Input data section start

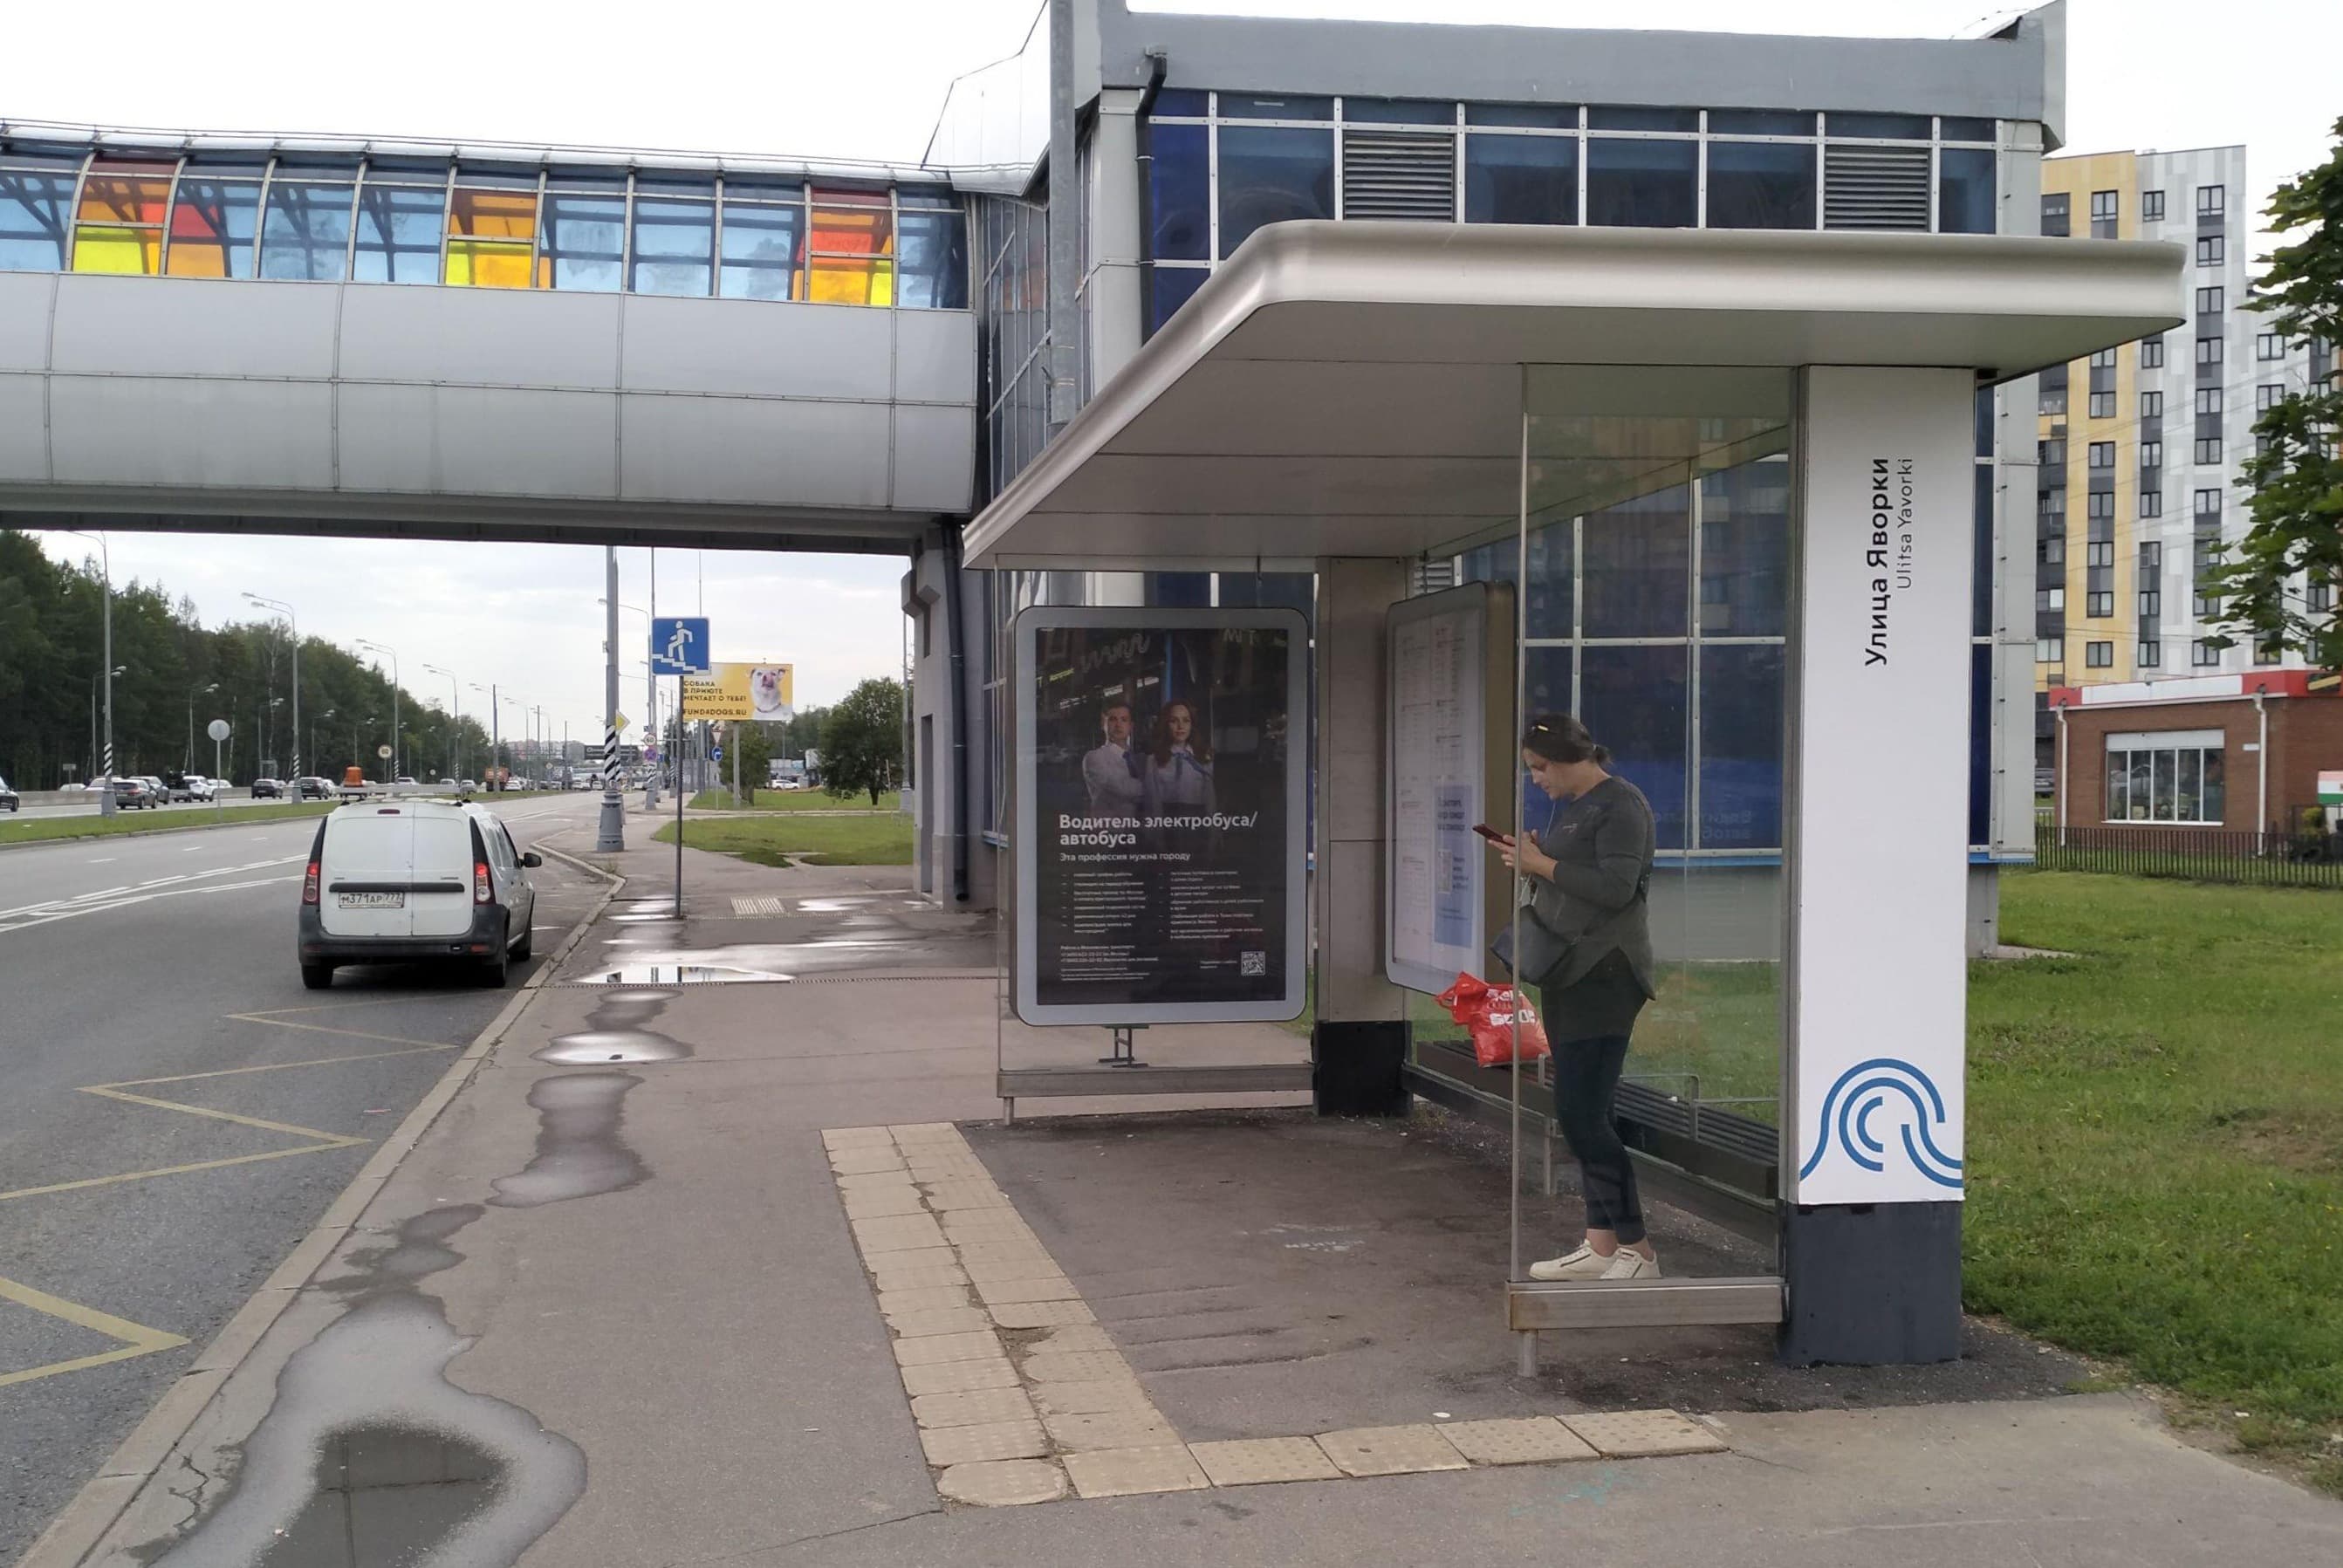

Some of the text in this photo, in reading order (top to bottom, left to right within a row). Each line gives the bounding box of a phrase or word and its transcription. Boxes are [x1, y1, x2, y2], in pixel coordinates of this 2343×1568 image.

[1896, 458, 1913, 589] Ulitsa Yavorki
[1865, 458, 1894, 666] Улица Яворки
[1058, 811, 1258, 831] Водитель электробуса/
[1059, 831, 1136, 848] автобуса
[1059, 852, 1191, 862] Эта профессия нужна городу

Input data section end

§ **Task instructions**
An exact copy of the records above is required, leaving out the pictures.

§ **Result of this task**
Some of the text in this photo, in reading order (top to bottom, left to right within a row). Each line gives the bounding box of a phrase or word and its transcription. Boxes are [x1, y1, x2, y2], in pixel coordinates of this 2343×1568 image.

[1896, 458, 1913, 589] Ulitsa Yavorki
[1865, 458, 1894, 666] Улица Яворки
[1058, 811, 1258, 831] Водитель электробуса/
[1059, 831, 1136, 848] автобуса
[1059, 852, 1191, 862] Эта профессия нужна городу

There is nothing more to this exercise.